-------- Recorded data --------

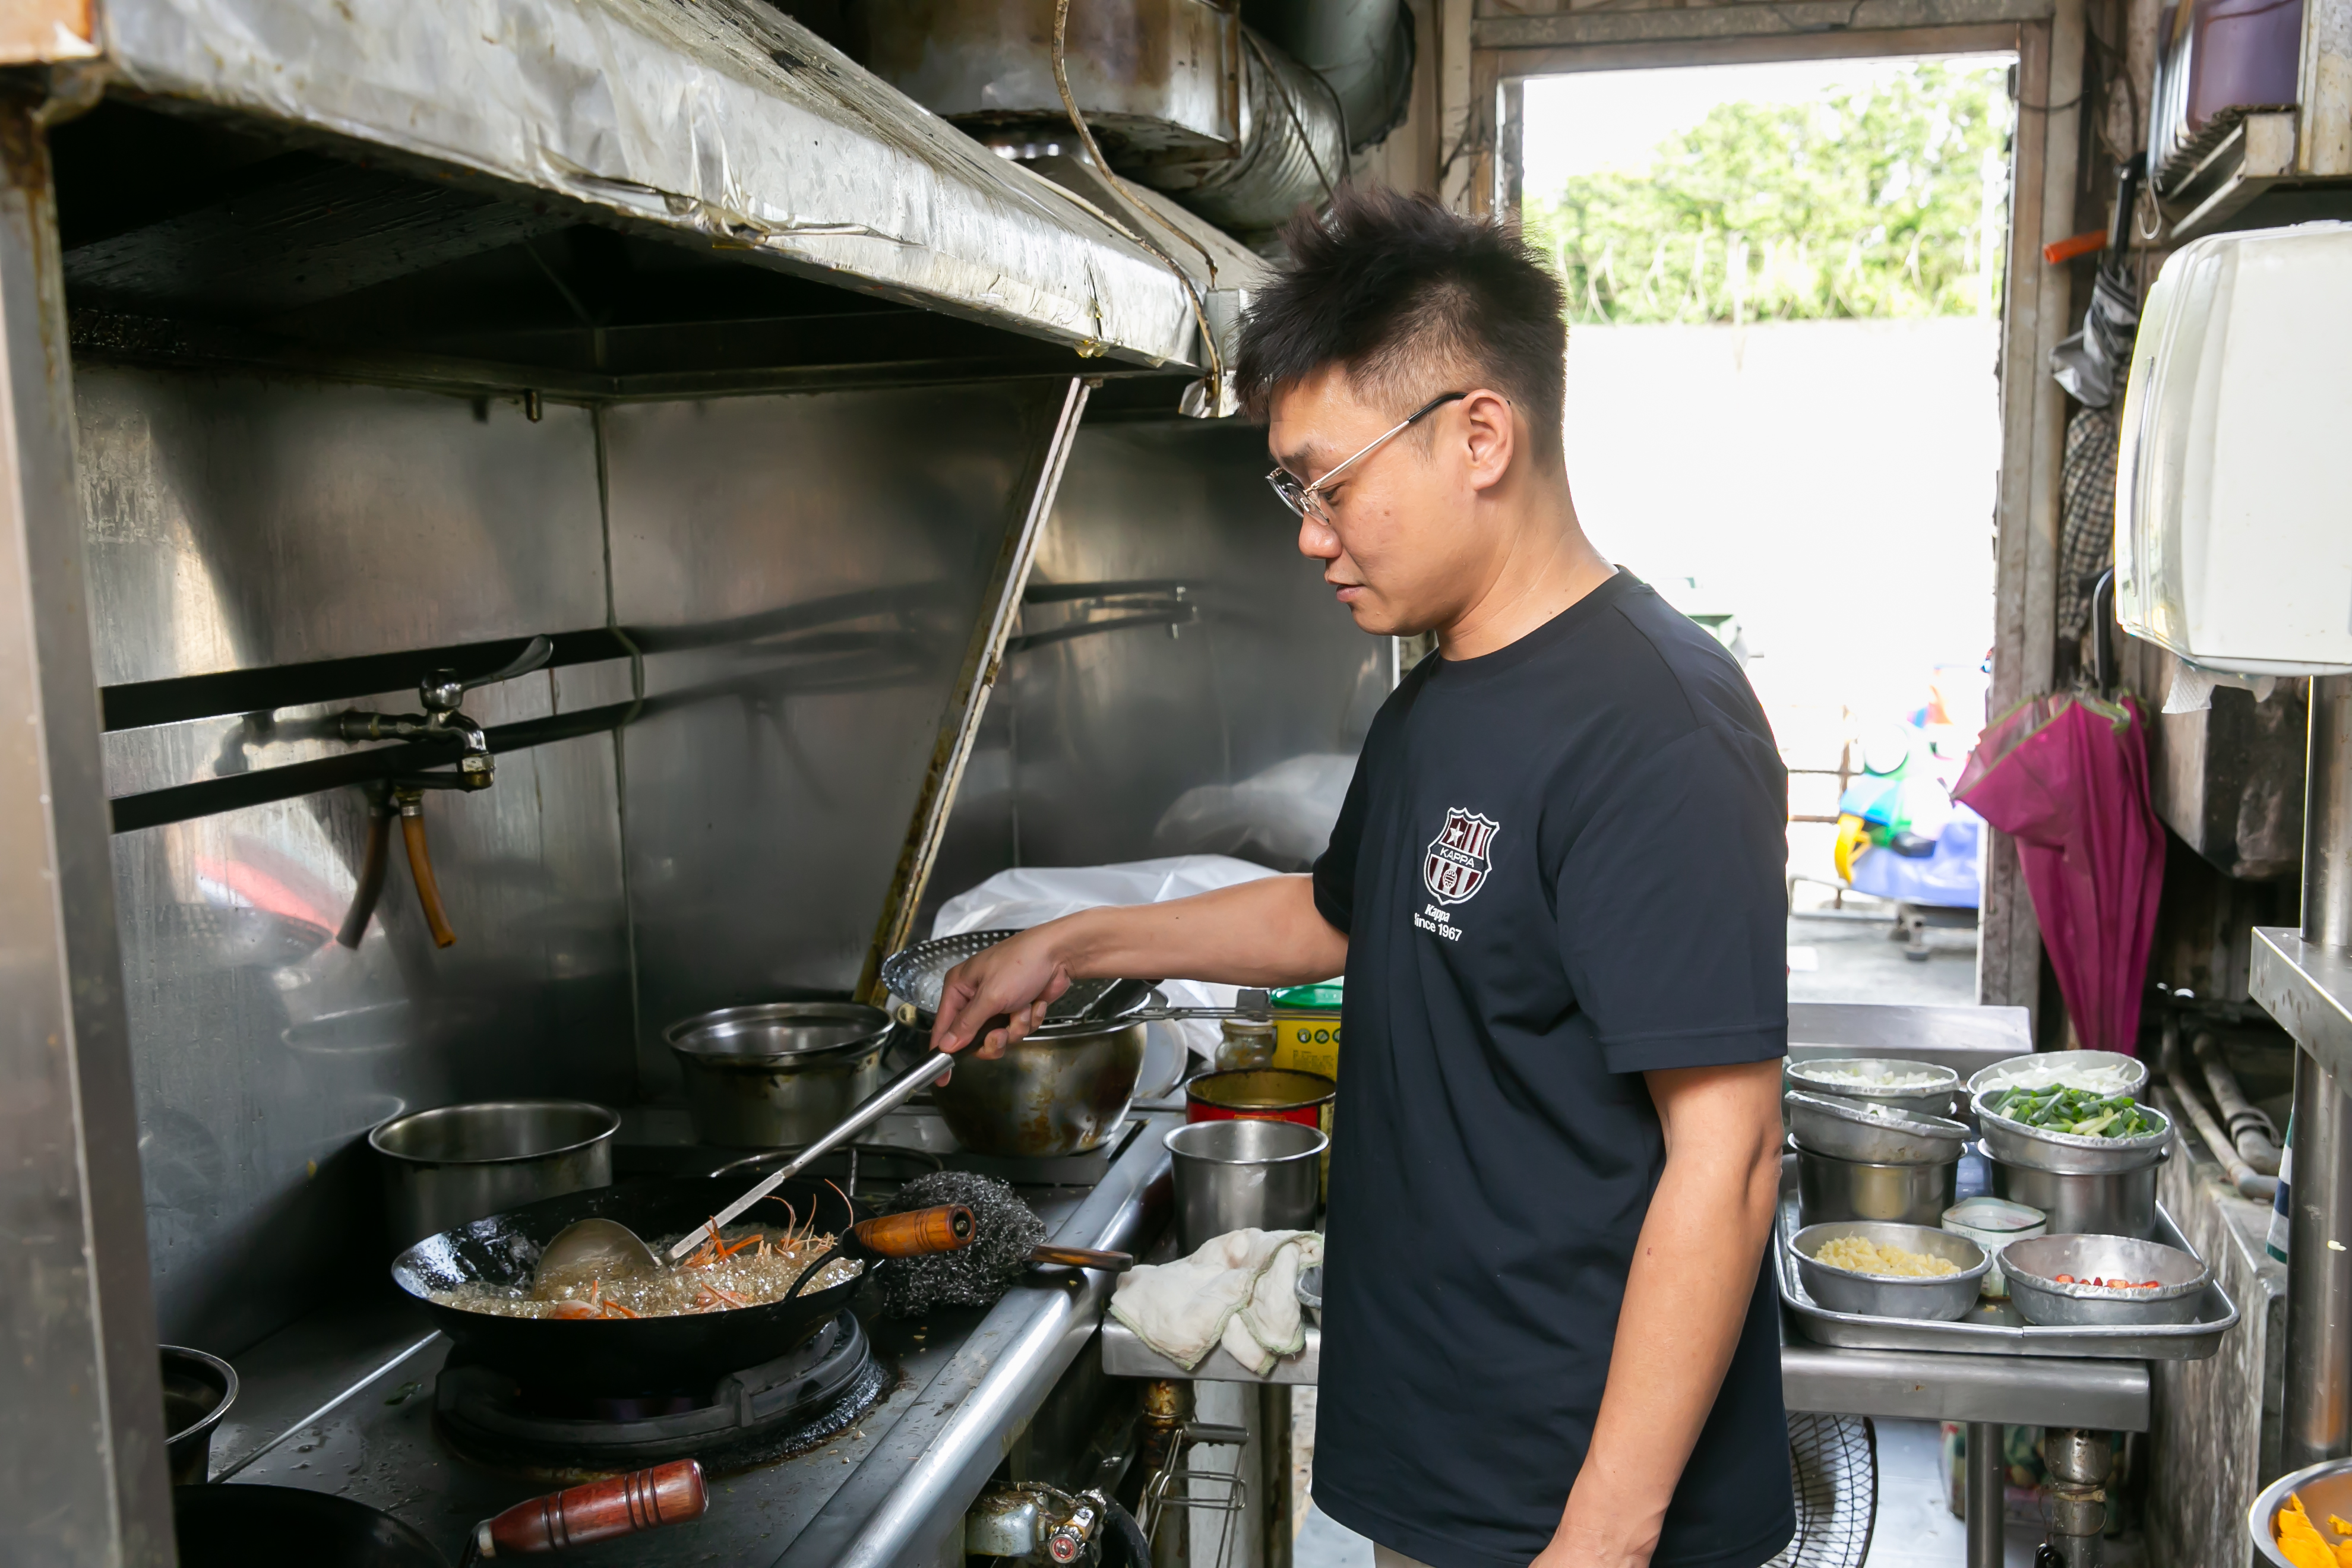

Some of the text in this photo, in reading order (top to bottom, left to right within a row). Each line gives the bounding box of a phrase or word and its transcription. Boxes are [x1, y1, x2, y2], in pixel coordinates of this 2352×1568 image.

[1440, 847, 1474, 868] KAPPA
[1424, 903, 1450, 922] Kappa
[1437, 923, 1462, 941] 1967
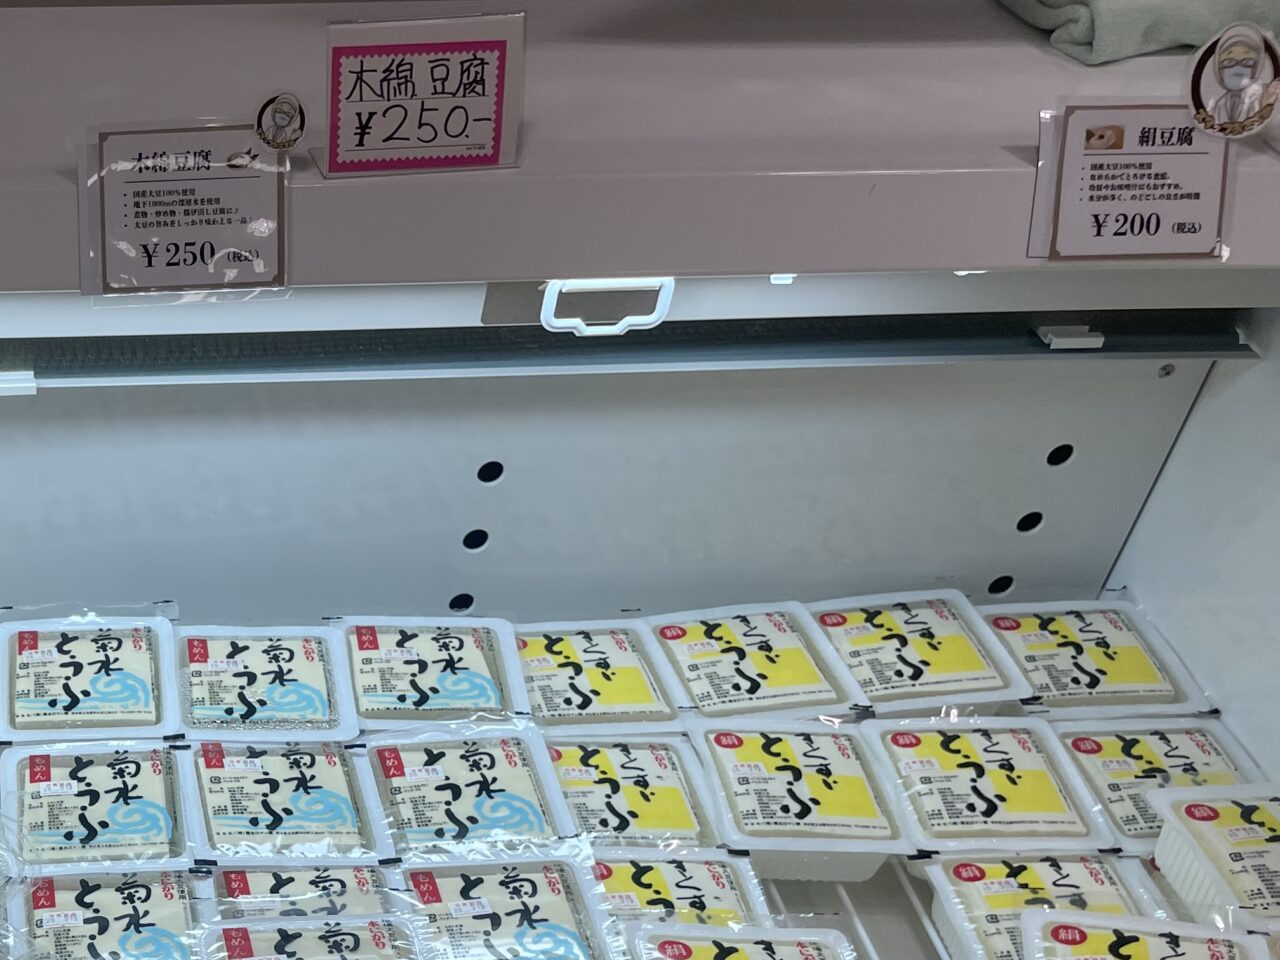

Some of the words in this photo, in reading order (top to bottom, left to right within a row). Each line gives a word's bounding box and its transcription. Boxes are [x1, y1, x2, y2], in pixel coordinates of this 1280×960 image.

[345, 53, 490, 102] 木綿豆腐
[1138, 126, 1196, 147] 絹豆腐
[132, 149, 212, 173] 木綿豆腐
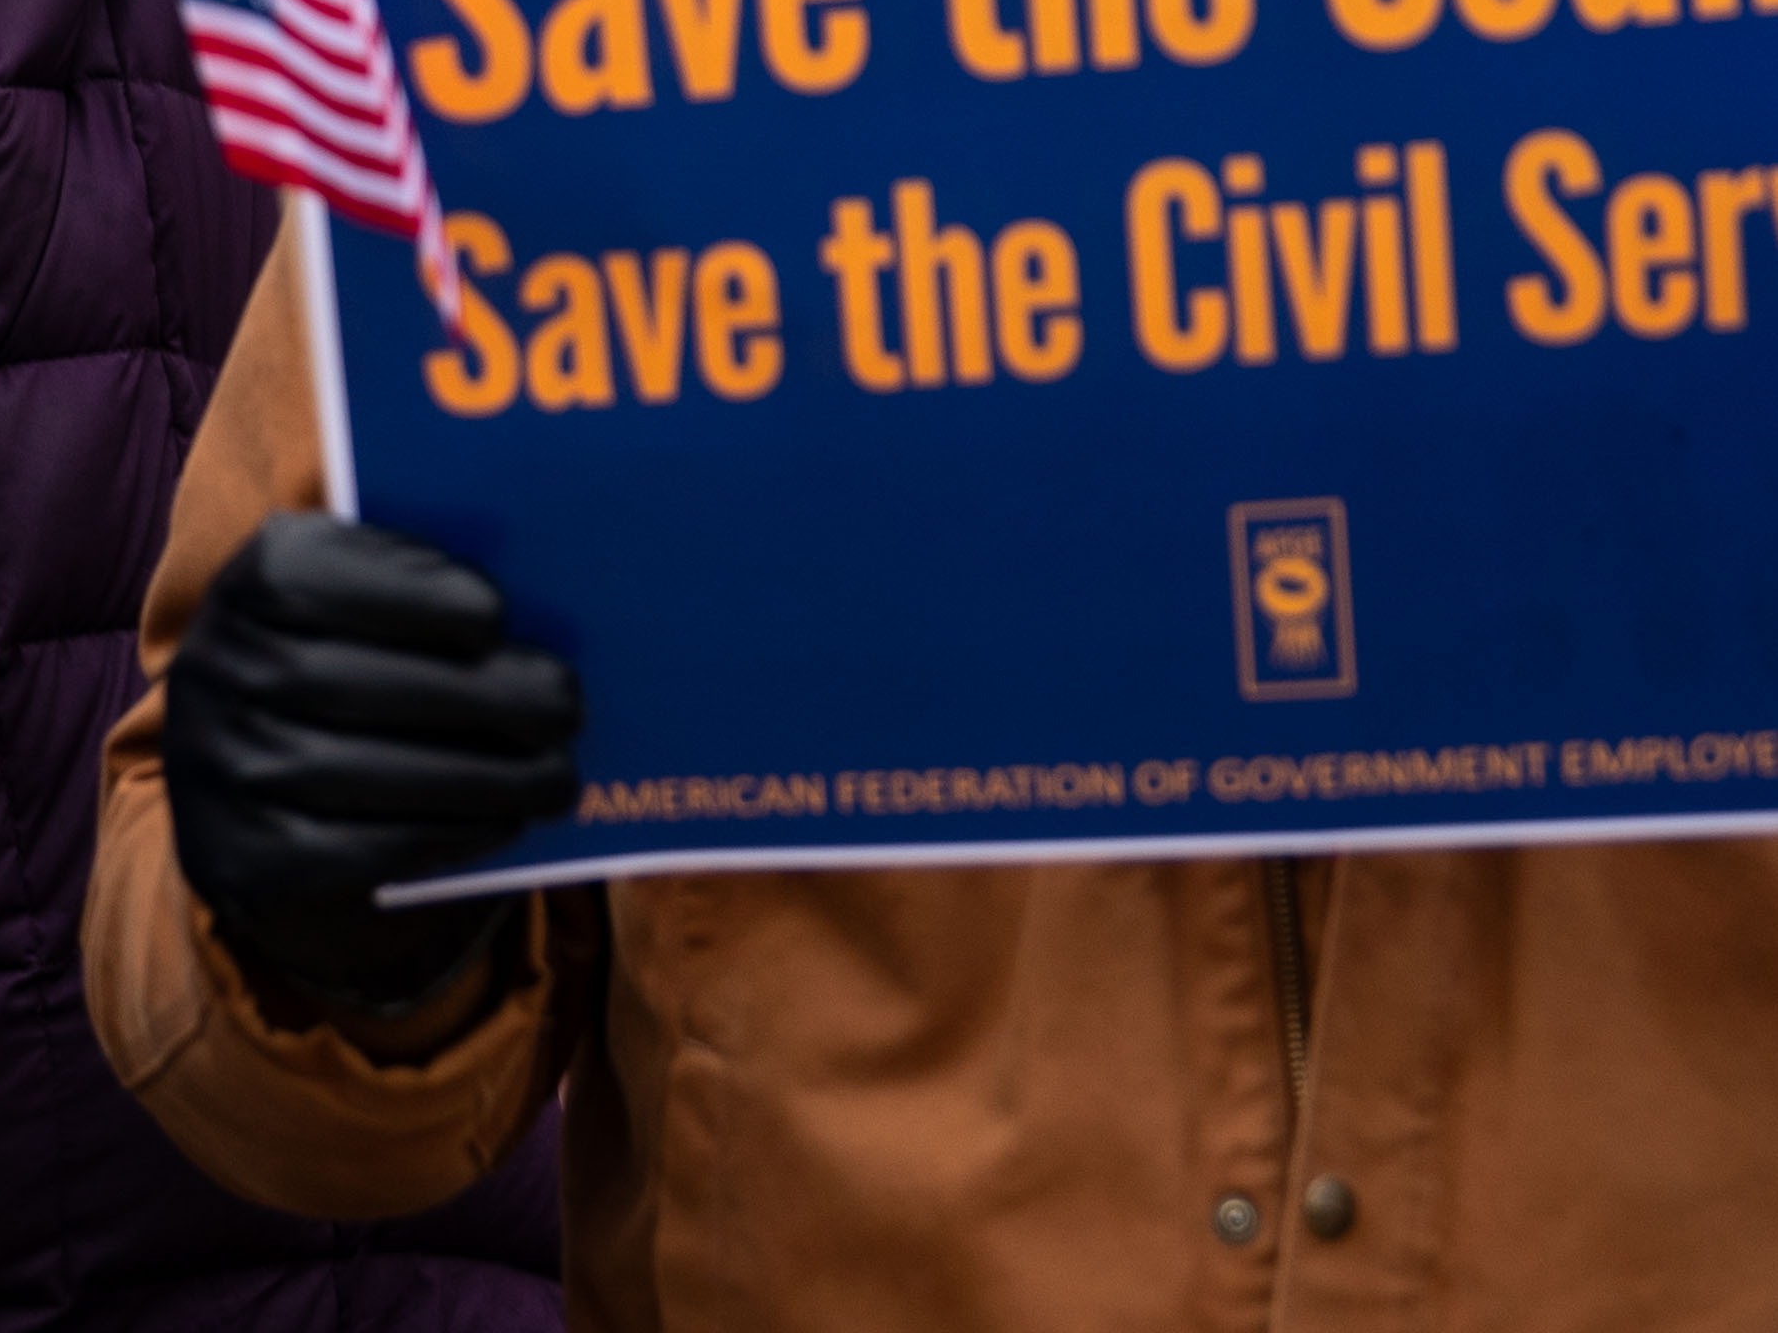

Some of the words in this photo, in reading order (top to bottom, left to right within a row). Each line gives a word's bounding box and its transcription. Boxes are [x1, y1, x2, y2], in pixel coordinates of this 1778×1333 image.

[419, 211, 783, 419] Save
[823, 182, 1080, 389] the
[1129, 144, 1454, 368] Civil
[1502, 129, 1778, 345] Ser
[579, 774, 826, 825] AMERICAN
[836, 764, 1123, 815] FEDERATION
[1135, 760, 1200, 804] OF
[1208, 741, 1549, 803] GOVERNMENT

--------

- **Exercise description**: Please repeat the records above word for word, and do not include the pictures.

- **Worked solution**:
Some of the text in this photo, in reading order (top to bottom, left to right within a row). Each line gives the bounding box of a phrase or word and its transcription. Boxes are [x1, y1, x2, y2], in pixel coordinates of this 2352×1568 image.

[1440, 847, 1474, 868] KAPPA
[1424, 903, 1450, 922] Kappa
[1437, 923, 1462, 941] 1967

Some of the words in this photo, in reading order (top to bottom, left to right within a row). Each line gives a word's bounding box and its transcription. Boxes are [x1, y1, x2, y2], in pixel coordinates of this 1280×960 image.

[345, 53, 490, 102] 木綿豆腐
[1138, 126, 1196, 147] 絹豆腐
[132, 149, 212, 173] 木綿豆腐

Some of the words in this photo, in reading order (top to bottom, left to right within a row). Each line gives a word's bounding box and its transcription. Boxes are [x1, y1, x2, y2], in pixel coordinates of this 1778×1333 image.

[419, 211, 783, 419] Save
[823, 182, 1080, 389] the
[1129, 144, 1454, 368] Civil
[1502, 129, 1778, 345] Ser
[579, 774, 826, 825] AMERICAN
[836, 764, 1123, 815] FEDERATION
[1135, 760, 1200, 804] OF
[1208, 741, 1549, 803] GOVERNMENT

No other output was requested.